• [Material provided]:

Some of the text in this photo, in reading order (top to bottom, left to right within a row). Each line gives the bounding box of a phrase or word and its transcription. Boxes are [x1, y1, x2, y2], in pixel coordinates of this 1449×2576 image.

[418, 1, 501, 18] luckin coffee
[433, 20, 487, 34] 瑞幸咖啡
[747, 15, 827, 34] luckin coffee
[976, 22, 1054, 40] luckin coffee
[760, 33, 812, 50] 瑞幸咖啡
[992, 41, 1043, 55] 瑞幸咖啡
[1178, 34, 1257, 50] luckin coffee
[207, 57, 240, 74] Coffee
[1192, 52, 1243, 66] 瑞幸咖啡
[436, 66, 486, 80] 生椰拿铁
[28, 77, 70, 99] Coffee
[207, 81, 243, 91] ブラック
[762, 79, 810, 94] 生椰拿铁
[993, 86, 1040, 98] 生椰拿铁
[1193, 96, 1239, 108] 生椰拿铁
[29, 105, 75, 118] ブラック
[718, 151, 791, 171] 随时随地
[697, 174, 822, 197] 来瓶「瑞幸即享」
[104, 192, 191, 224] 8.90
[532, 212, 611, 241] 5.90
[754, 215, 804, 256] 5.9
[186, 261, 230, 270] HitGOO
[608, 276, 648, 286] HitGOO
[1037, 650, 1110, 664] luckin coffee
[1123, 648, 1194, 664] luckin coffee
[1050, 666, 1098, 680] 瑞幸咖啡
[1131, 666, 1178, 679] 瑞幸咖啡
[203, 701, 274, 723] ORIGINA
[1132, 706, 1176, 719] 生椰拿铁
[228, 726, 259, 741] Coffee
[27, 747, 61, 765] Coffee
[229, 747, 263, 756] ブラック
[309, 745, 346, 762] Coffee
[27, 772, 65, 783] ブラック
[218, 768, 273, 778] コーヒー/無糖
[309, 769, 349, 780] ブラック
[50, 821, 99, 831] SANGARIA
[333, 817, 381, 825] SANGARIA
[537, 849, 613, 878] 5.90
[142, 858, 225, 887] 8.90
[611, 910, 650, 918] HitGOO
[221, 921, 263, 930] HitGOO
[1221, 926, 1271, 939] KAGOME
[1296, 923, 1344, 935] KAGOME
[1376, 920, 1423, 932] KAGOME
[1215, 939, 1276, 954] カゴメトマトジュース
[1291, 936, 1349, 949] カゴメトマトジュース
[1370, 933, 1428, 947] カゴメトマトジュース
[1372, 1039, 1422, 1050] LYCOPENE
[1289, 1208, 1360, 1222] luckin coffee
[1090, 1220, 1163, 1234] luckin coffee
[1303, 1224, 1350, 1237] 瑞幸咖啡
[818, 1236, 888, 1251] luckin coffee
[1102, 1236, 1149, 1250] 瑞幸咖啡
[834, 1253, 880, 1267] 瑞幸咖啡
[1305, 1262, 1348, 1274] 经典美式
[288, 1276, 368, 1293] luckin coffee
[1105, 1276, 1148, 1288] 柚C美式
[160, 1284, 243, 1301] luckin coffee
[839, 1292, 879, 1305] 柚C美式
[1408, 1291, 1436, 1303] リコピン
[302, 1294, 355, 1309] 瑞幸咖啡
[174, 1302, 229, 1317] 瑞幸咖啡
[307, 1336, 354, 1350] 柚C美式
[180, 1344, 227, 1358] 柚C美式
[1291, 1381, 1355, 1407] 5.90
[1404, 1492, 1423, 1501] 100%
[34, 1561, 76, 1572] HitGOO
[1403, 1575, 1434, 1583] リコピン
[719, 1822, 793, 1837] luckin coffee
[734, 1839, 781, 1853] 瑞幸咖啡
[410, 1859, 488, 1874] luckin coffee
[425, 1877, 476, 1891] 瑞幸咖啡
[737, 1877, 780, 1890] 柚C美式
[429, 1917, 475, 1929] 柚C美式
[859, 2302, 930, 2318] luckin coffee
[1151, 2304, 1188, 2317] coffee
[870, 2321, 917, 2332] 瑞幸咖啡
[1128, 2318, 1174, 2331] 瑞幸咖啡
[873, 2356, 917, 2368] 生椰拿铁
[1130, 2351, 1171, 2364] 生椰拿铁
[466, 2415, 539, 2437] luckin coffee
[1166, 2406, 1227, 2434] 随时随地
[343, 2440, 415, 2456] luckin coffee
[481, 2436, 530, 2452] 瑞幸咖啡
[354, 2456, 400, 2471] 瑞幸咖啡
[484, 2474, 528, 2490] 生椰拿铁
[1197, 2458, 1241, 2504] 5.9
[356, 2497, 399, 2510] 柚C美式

• [What is needed]:
Please return every line of the data, unaltered.

• [Output]:
Some of the text in this photo, in reading order (top to bottom, left to right within a row). Each line gives the bounding box of a phrase or word and its transcription. Boxes are [x1, y1, x2, y2], in pixel coordinates of this 1449×2576 image.

[418, 1, 501, 18] luckin coffee
[433, 20, 487, 34] 瑞幸咖啡
[747, 15, 827, 34] luckin coffee
[976, 22, 1054, 40] luckin coffee
[760, 33, 812, 50] 瑞幸咖啡
[992, 41, 1043, 55] 瑞幸咖啡
[1178, 34, 1257, 50] luckin coffee
[207, 57, 240, 74] Coffee
[1192, 52, 1243, 66] 瑞幸咖啡
[436, 66, 486, 80] 生椰拿铁
[28, 77, 70, 99] Coffee
[207, 81, 243, 91] ブラック
[762, 79, 810, 94] 生椰拿铁
[993, 86, 1040, 98] 生椰拿铁
[1193, 96, 1239, 108] 生椰拿铁
[29, 105, 75, 118] ブラック
[718, 151, 791, 171] 随时随地
[697, 174, 822, 197] 来瓶「瑞幸即享」
[104, 192, 191, 224] 8.90
[532, 212, 611, 241] 5.90
[754, 215, 804, 256] 5.9
[186, 261, 230, 270] HitGOO
[608, 276, 648, 286] HitGOO
[1037, 650, 1110, 664] luckin coffee
[1123, 648, 1194, 664] luckin coffee
[1050, 666, 1098, 680] 瑞幸咖啡
[1131, 666, 1178, 679] 瑞幸咖啡
[203, 701, 274, 723] ORIGINA
[1132, 706, 1176, 719] 生椰拿铁
[228, 726, 259, 741] Coffee
[27, 747, 61, 765] Coffee
[229, 747, 263, 756] ブラック
[309, 745, 346, 762] Coffee
[27, 772, 65, 783] ブラック
[218, 768, 273, 778] コーヒー/無糖
[309, 769, 349, 780] ブラック
[50, 821, 99, 831] SANGARIA
[333, 817, 381, 825] SANGARIA
[537, 849, 613, 878] 5.90
[142, 858, 225, 887] 8.90
[611, 910, 650, 918] HitGOO
[221, 921, 263, 930] HitGOO
[1221, 926, 1271, 939] KAGOME
[1296, 923, 1344, 935] KAGOME
[1376, 920, 1423, 932] KAGOME
[1215, 939, 1276, 954] カゴメトマトジュース
[1291, 936, 1349, 949] カゴメトマトジュース
[1370, 933, 1428, 947] カゴメトマトジュース
[1372, 1039, 1422, 1050] LYCOPENE
[1289, 1208, 1360, 1222] luckin coffee
[1090, 1220, 1163, 1234] luckin coffee
[1303, 1224, 1350, 1237] 瑞幸咖啡
[818, 1236, 888, 1251] luckin coffee
[1102, 1236, 1149, 1250] 瑞幸咖啡
[834, 1253, 880, 1267] 瑞幸咖啡
[1305, 1262, 1348, 1274] 经典美式
[288, 1276, 368, 1293] luckin coffee
[1105, 1276, 1148, 1288] 柚C美式
[160, 1284, 243, 1301] luckin coffee
[839, 1292, 879, 1305] 柚C美式
[1408, 1291, 1436, 1303] リコピン
[302, 1294, 355, 1309] 瑞幸咖啡
[174, 1302, 229, 1317] 瑞幸咖啡
[307, 1336, 354, 1350] 柚C美式
[180, 1344, 227, 1358] 柚C美式
[1291, 1381, 1355, 1407] 5.90
[1404, 1492, 1423, 1501] 100%
[34, 1561, 76, 1572] HitGOO
[1403, 1575, 1434, 1583] リコピン
[719, 1822, 793, 1837] luckin coffee
[734, 1839, 781, 1853] 瑞幸咖啡
[410, 1859, 488, 1874] luckin coffee
[425, 1877, 476, 1891] 瑞幸咖啡
[737, 1877, 780, 1890] 柚C美式
[429, 1917, 475, 1929] 柚C美式
[859, 2302, 930, 2318] luckin coffee
[1151, 2304, 1188, 2317] coffee
[870, 2321, 917, 2332] 瑞幸咖啡
[1128, 2318, 1174, 2331] 瑞幸咖啡
[873, 2356, 917, 2368] 生椰拿铁
[1130, 2351, 1171, 2364] 生椰拿铁
[466, 2415, 539, 2437] luckin coffee
[1166, 2406, 1227, 2434] 随时随地
[343, 2440, 415, 2456] luckin coffee
[481, 2436, 530, 2452] 瑞幸咖啡
[354, 2456, 400, 2471] 瑞幸咖啡
[484, 2474, 528, 2490] 生椰拿铁
[1197, 2458, 1241, 2504] 5.9
[356, 2497, 399, 2510] 柚C美式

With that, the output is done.